Image-backed grounding data:
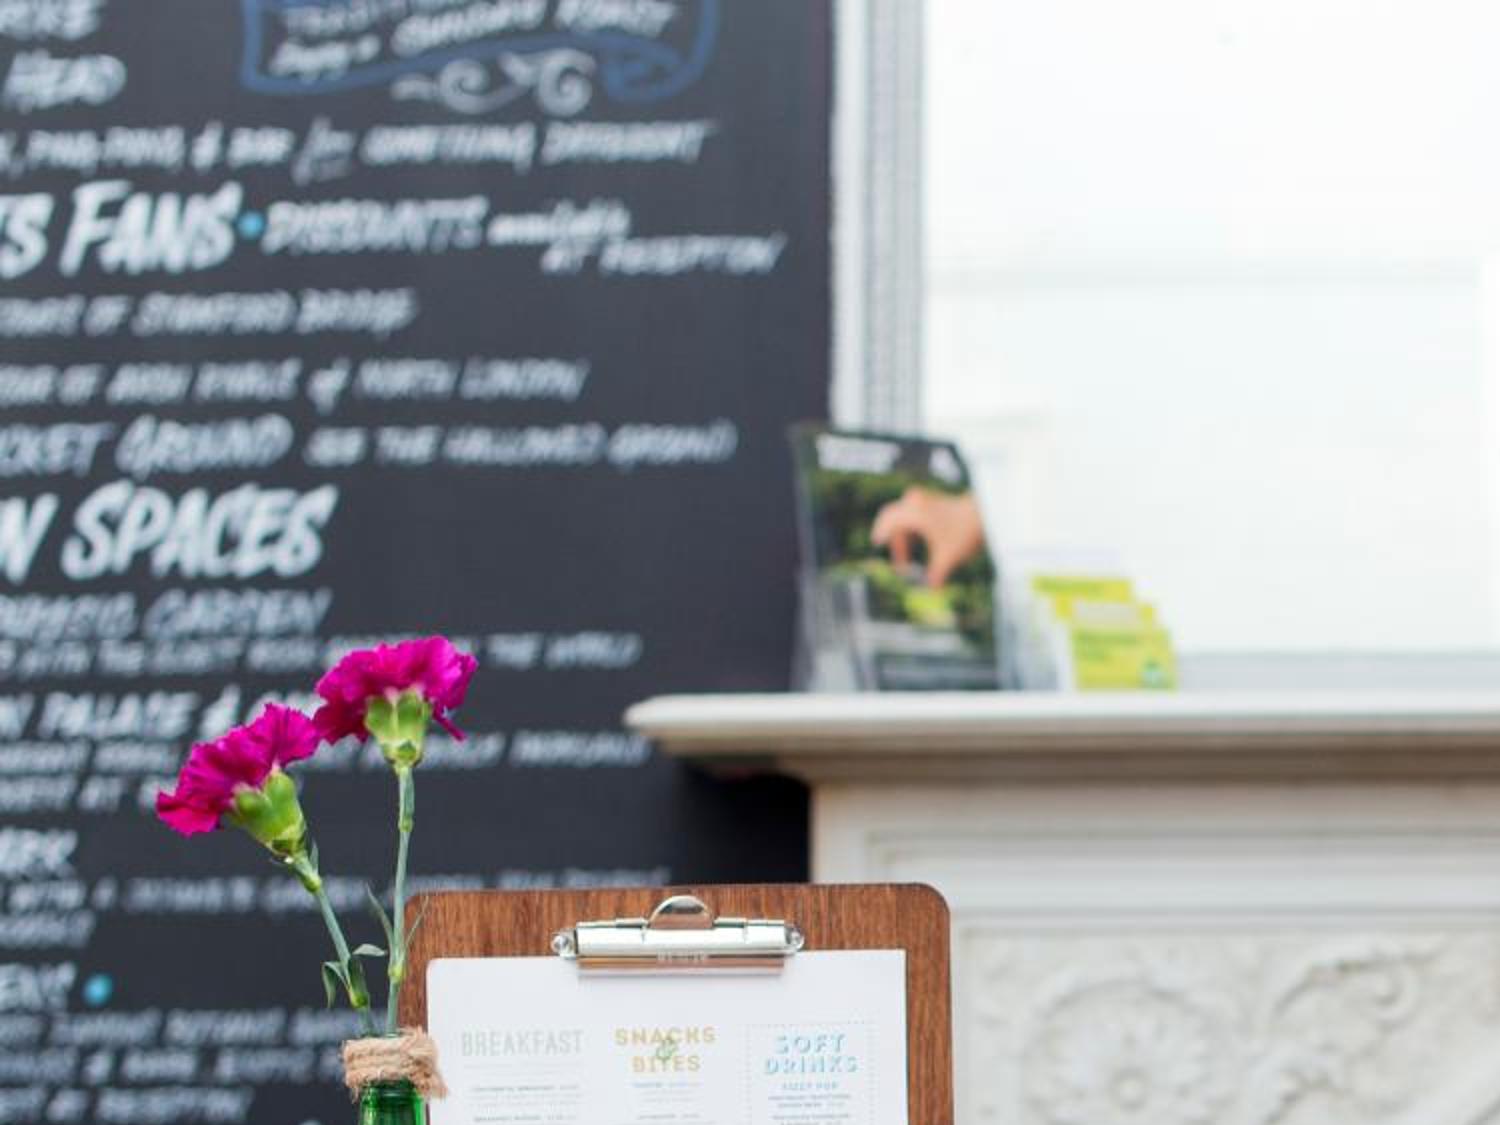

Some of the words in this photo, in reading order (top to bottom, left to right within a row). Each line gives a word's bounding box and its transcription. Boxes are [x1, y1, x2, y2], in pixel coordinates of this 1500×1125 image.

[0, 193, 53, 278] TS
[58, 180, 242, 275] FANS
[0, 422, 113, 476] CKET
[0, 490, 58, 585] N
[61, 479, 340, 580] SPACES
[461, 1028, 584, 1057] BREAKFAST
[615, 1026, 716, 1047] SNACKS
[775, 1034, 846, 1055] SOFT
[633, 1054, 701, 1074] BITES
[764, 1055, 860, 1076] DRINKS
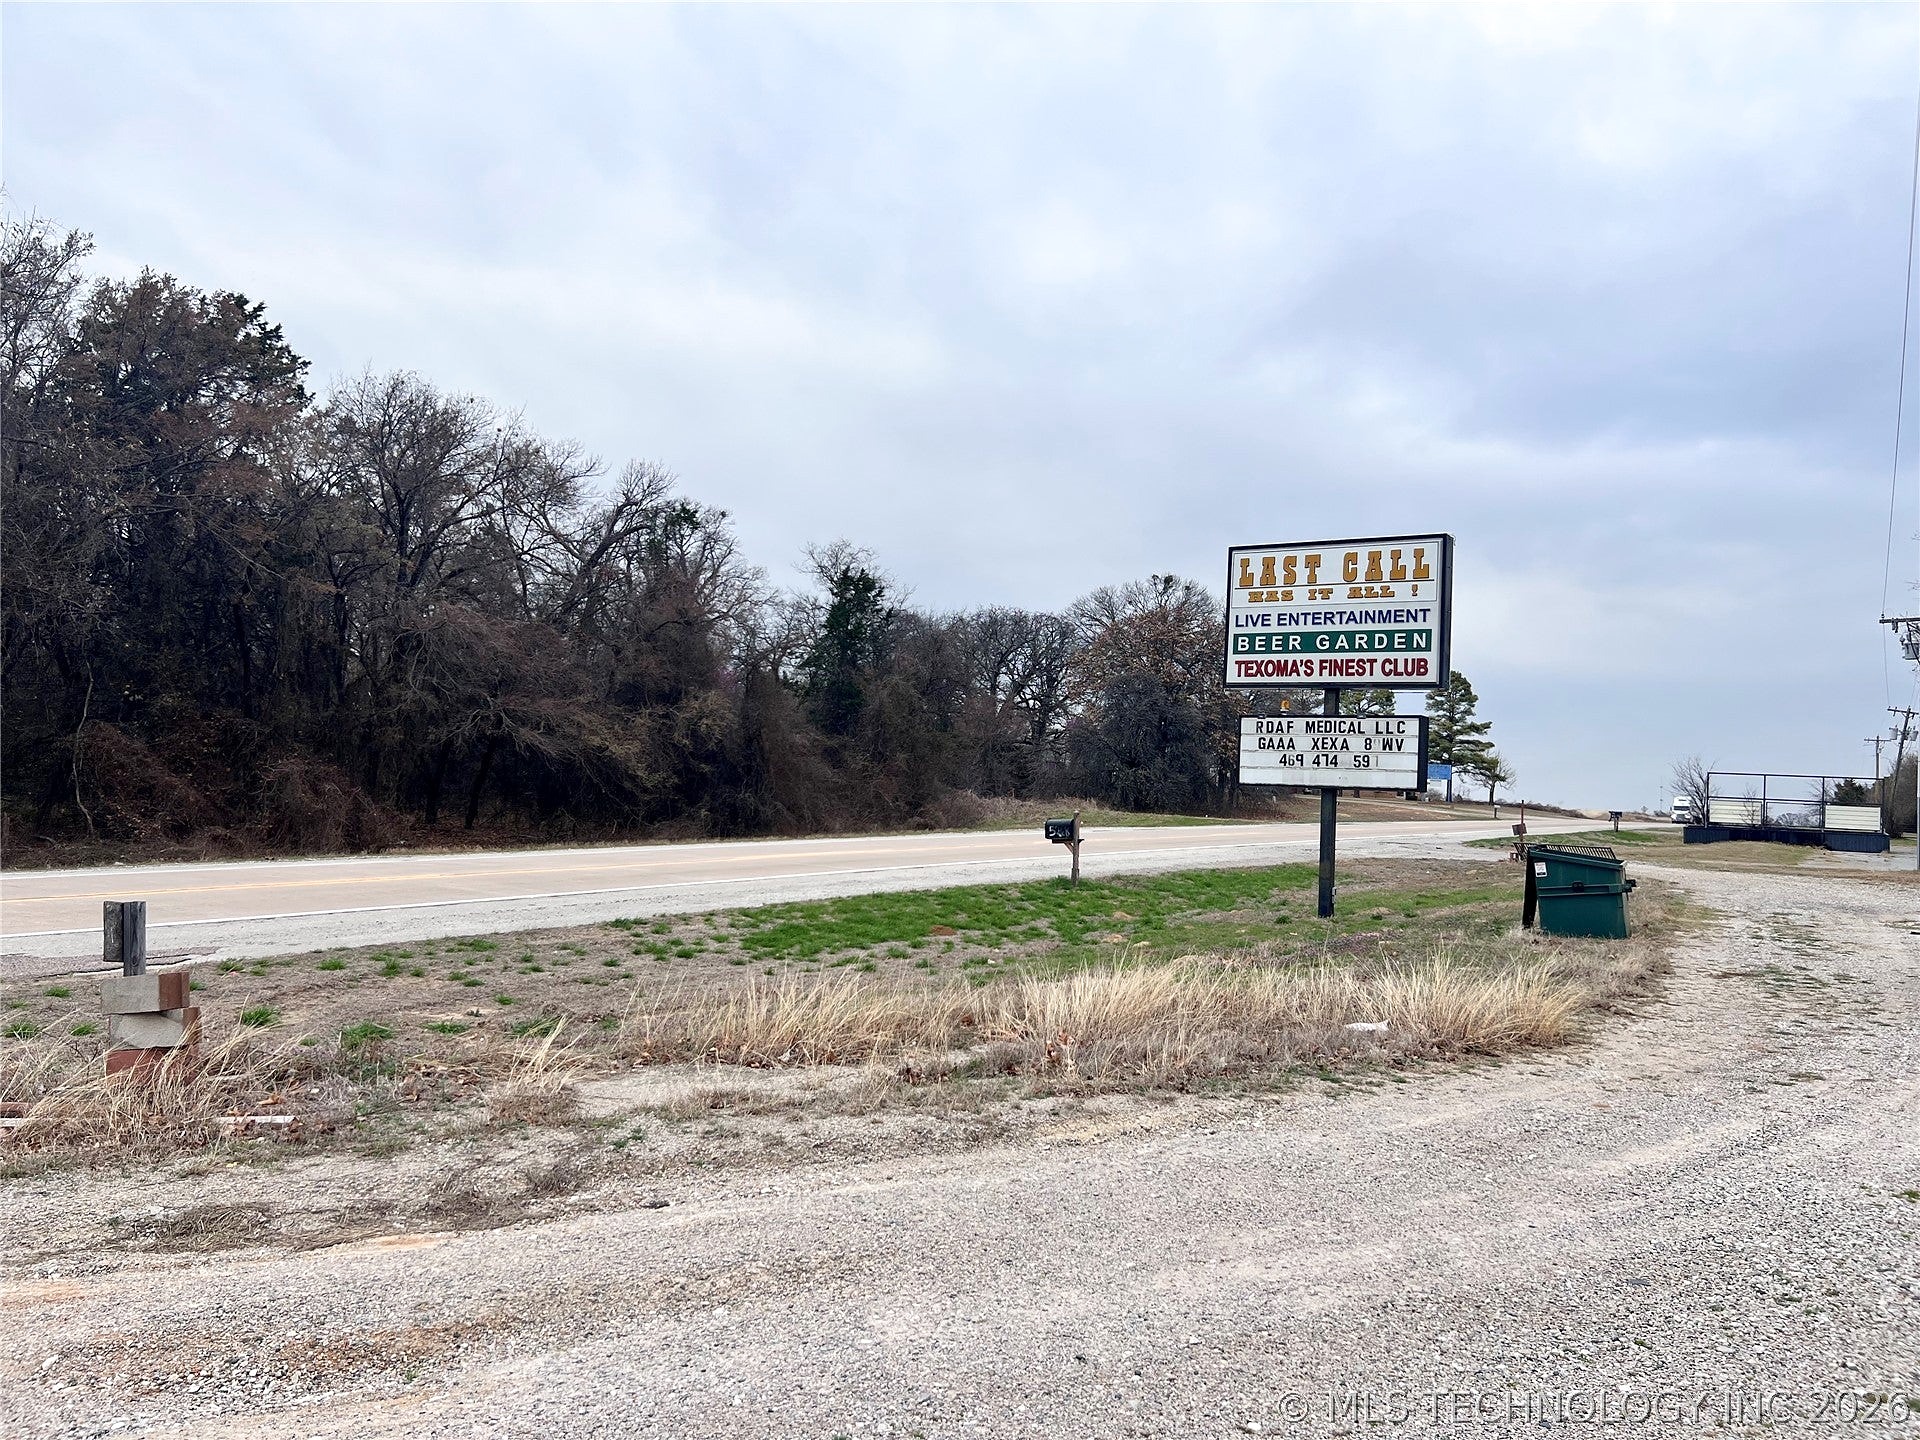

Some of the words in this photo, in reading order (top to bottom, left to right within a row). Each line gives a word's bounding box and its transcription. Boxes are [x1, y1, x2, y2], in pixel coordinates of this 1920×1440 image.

* Task instructions *
Repeat each line of the records exactly, dropping the pictures.

* Solution *
Some of the words in this photo, in reading order (top to bottom, left to right within a row). Each line gives a word's bounding box and its transcription. Boxes are [x1, y1, x2, y2], in pixel coordinates of this 1500×1125 image.

[0, 193, 53, 278] TS
[58, 180, 242, 275] FANS
[0, 422, 113, 476] CKET
[0, 490, 58, 585] N
[61, 479, 340, 580] SPACES
[461, 1028, 584, 1057] BREAKFAST
[615, 1026, 716, 1047] SNACKS
[775, 1034, 846, 1055] SOFT
[633, 1054, 701, 1074] BITES
[764, 1055, 860, 1076] DRINKS

Some of the words in this photo, in reading order (top to bottom, left to right within a row). Each line gives a word's bounding box and its transcription. Boxes are [x1, y1, x2, y2], in pixel coordinates of this 1920×1440 image.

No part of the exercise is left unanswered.